Task to carry out — Only the lines from the one containing "this 1440×1280 image." to the end of the data are wanted; print them exactly as they appear.

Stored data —
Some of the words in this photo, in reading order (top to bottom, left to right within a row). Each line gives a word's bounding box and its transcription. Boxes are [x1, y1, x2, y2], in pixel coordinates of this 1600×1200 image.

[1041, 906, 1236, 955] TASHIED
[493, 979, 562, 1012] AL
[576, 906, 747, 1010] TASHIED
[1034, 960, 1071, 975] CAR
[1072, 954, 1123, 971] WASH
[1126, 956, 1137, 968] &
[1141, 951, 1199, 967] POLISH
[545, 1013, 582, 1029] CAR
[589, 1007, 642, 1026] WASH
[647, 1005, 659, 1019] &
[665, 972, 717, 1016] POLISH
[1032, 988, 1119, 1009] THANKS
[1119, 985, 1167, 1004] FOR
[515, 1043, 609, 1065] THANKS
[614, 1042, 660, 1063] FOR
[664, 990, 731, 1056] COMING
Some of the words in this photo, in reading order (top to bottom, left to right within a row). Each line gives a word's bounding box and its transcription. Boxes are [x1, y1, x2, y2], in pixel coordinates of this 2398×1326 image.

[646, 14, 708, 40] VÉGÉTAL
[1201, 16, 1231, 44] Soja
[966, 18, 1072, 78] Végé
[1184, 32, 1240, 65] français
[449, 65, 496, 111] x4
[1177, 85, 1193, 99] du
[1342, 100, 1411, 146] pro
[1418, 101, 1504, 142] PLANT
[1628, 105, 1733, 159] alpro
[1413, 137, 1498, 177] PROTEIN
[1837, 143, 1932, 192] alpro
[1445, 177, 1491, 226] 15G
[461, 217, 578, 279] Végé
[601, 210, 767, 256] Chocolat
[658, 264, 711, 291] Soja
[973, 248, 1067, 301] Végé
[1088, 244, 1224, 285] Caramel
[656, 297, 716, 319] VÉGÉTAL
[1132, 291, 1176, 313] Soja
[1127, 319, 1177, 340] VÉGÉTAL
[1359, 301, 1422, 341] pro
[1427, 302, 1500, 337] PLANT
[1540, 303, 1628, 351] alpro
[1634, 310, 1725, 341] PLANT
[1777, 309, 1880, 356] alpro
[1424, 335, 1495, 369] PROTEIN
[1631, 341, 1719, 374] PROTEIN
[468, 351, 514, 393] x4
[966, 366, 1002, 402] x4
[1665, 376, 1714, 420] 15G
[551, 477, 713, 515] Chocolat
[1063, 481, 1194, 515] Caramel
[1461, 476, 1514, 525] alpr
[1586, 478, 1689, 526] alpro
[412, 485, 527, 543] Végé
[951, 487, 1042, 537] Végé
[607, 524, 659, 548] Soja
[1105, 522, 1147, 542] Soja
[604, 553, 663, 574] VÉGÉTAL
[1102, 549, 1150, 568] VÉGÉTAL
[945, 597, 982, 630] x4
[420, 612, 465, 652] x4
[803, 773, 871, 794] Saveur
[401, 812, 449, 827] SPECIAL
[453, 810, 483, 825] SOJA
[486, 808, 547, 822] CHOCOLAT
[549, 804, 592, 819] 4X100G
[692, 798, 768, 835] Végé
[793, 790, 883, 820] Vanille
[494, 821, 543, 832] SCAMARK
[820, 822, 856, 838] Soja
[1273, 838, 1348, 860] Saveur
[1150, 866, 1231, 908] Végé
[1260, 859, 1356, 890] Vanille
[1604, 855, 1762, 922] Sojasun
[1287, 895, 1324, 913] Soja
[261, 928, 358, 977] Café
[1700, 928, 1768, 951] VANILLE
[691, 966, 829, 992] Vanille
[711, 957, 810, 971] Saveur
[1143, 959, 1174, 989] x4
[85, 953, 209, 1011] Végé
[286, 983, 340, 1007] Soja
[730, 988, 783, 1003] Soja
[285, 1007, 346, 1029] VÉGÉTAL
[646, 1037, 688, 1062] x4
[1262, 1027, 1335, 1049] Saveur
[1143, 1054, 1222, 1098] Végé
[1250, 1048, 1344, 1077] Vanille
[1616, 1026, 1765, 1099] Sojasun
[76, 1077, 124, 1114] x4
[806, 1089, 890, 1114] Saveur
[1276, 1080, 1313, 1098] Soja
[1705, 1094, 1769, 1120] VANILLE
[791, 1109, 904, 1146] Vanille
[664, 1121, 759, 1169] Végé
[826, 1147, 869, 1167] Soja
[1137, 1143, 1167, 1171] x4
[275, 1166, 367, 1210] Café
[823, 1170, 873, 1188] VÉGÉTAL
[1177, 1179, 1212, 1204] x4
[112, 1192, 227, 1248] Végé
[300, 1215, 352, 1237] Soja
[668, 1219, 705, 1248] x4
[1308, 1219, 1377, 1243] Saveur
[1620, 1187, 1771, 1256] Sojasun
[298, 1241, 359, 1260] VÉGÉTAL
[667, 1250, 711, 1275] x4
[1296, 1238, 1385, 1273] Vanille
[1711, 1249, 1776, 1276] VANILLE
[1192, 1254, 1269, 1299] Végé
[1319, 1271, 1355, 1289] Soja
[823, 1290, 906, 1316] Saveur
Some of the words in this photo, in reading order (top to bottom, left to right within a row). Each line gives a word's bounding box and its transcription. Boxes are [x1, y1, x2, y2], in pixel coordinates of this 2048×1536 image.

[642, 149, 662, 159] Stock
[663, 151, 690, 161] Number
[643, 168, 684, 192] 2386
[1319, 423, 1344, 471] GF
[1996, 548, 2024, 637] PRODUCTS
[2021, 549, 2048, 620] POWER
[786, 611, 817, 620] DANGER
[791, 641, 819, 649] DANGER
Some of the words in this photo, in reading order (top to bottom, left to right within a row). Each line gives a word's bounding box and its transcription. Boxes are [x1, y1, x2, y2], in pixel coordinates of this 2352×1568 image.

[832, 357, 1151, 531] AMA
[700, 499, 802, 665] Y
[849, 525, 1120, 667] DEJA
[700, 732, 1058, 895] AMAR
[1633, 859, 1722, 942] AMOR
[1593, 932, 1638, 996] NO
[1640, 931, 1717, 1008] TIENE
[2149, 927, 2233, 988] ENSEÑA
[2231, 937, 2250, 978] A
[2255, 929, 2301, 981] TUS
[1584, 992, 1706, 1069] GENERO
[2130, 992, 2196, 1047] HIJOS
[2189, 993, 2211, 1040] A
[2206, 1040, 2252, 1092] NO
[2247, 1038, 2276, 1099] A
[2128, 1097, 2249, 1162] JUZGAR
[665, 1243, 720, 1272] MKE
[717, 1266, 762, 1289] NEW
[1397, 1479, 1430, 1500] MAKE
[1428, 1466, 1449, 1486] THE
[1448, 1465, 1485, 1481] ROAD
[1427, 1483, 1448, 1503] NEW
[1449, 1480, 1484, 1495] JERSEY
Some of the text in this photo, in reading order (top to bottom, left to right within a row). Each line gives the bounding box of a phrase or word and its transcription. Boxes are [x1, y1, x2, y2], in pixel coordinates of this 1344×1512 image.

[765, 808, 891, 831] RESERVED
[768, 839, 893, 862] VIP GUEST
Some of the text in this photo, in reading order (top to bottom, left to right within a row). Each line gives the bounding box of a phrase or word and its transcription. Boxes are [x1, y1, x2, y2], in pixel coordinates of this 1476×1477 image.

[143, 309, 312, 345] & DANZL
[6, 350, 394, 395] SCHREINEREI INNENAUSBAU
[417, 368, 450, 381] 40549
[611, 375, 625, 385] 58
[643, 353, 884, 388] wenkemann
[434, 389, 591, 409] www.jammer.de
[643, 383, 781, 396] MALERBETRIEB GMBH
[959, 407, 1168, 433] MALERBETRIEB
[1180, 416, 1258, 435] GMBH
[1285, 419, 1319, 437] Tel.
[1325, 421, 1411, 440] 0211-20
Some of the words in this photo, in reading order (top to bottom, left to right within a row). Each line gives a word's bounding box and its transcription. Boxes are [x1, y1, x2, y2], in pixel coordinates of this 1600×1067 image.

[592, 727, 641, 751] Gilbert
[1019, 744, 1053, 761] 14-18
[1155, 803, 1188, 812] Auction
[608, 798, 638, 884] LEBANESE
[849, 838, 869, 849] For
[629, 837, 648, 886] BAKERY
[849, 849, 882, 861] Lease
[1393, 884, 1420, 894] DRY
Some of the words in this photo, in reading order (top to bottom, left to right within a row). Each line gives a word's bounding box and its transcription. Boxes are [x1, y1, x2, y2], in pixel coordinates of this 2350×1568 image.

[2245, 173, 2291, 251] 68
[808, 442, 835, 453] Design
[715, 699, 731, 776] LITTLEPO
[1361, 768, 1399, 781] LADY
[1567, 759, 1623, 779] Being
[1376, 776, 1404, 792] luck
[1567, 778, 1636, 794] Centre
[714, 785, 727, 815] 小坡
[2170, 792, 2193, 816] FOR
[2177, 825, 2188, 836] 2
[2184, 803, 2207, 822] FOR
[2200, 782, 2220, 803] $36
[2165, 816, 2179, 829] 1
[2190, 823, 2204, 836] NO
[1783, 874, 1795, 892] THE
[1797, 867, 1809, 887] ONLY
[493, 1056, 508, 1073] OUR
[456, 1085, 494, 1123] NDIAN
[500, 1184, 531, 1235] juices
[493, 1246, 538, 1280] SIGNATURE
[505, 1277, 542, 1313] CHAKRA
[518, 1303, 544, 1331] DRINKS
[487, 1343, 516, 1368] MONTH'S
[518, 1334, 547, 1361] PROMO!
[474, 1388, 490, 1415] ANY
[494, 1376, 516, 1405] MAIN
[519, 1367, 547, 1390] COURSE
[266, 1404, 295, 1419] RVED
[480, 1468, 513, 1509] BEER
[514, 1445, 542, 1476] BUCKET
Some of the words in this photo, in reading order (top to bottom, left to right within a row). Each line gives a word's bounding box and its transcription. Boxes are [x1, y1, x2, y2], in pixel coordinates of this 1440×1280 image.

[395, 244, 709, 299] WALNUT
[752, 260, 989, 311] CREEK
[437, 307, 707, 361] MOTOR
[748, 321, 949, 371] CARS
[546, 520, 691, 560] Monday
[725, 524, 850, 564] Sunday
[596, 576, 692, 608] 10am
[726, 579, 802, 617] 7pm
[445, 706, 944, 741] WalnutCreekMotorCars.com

Your solution —
Some of the words in this photo, in reading order (top to bottom, left to right within a row). Each line gives a word's bounding box and its transcription. Boxes are [x1, y1, x2, y2], in pixel coordinates of this 1440×1280 image.

[395, 244, 709, 299] WALNUT
[752, 260, 989, 311] CREEK
[437, 307, 707, 361] MOTOR
[748, 321, 949, 371] CARS
[546, 520, 691, 560] Monday
[725, 524, 850, 564] Sunday
[596, 576, 692, 608] 10am
[726, 579, 802, 617] 7pm
[445, 706, 944, 741] WalnutCreekMotorCars.com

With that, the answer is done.